Set down the data below exactly; pictures stay out.
BEGIN Task material
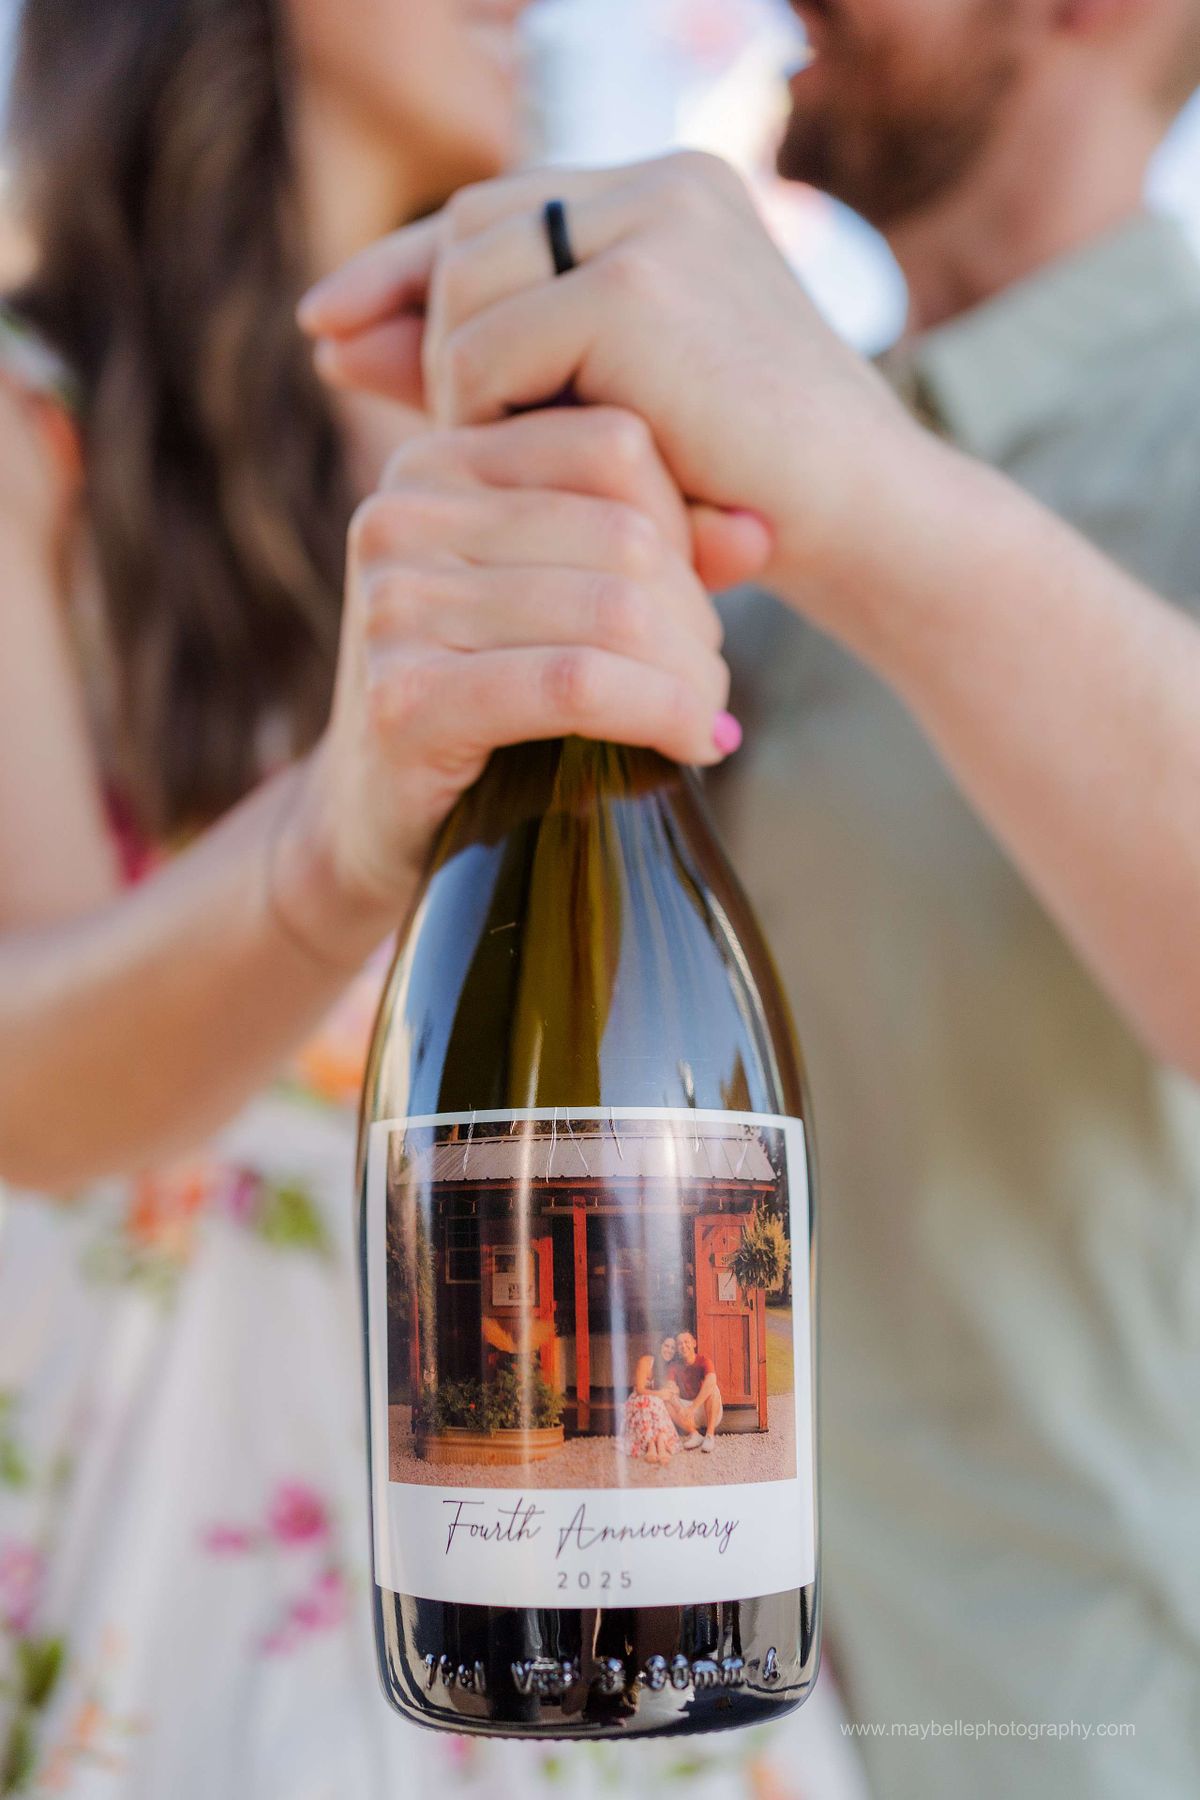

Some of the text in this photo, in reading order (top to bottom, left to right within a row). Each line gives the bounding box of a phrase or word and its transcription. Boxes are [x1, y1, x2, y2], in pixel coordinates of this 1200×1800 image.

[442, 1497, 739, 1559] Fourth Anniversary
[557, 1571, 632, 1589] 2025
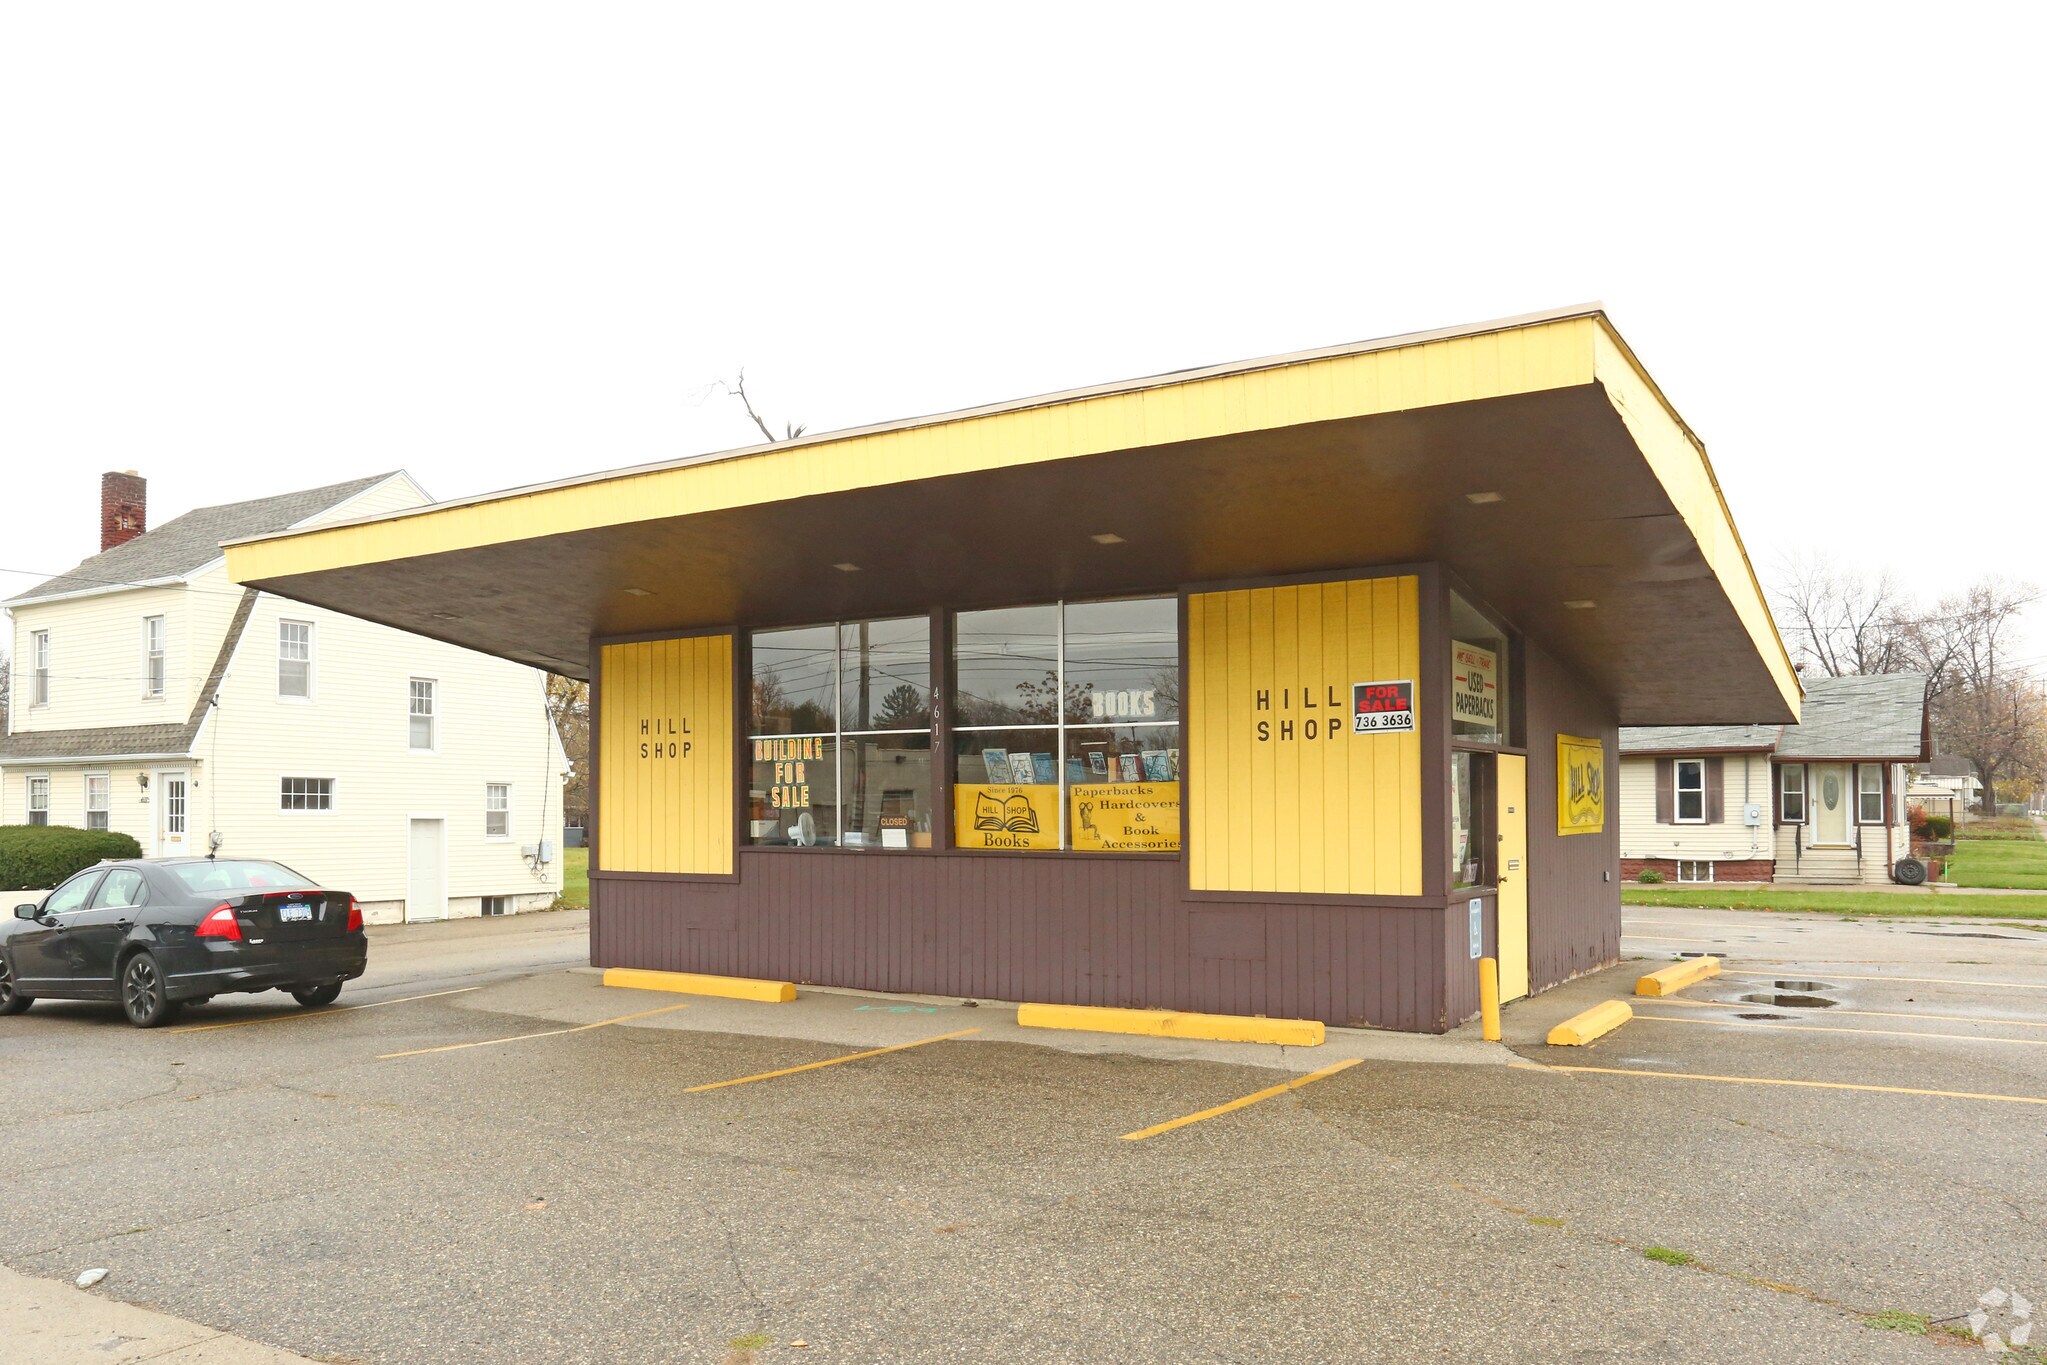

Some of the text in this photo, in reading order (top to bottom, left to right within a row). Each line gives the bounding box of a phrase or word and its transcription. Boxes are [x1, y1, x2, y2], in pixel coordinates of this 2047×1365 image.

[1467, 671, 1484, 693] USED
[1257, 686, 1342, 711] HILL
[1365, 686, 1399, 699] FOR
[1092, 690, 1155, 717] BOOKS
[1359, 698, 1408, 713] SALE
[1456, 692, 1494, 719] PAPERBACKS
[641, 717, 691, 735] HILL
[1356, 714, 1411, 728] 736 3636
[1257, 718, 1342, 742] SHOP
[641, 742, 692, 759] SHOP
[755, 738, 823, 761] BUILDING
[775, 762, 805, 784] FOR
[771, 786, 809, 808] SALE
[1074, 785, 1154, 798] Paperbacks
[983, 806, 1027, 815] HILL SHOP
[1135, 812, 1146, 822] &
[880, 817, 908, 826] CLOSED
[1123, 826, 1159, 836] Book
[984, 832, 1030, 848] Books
END Task material
Task result
Some of the text in this photo, in reading order (top to bottom, left to right within a row). Each line gives the bounding box of a phrase or word and its transcription. Boxes are [x1, y1, x2, y2], in pixel coordinates of this 1200×1800 image.

[442, 1497, 739, 1559] Fourth Anniversary
[557, 1571, 632, 1589] 2025

Some of the text in this photo, in reading order (top to bottom, left to right within a row). Each line gives the bounding box of a phrase or word and its transcription. Boxes are [x1, y1, x2, y2], in pixel coordinates of this 2047×1365 image.

[1467, 671, 1484, 693] USED
[1257, 686, 1342, 711] HILL
[1365, 686, 1399, 699] FOR
[1092, 690, 1155, 717] BOOKS
[1359, 698, 1408, 713] SALE
[1456, 692, 1494, 719] PAPERBACKS
[641, 717, 691, 735] HILL
[1356, 714, 1411, 728] 736 3636
[1257, 718, 1342, 742] SHOP
[641, 742, 692, 759] SHOP
[755, 738, 823, 761] BUILDING
[775, 762, 805, 784] FOR
[771, 786, 809, 808] SALE
[1074, 785, 1154, 798] Paperbacks
[983, 806, 1027, 815] HILL SHOP
[1135, 812, 1146, 822] &
[880, 817, 908, 826] CLOSED
[1123, 826, 1159, 836] Book
[984, 832, 1030, 848] Books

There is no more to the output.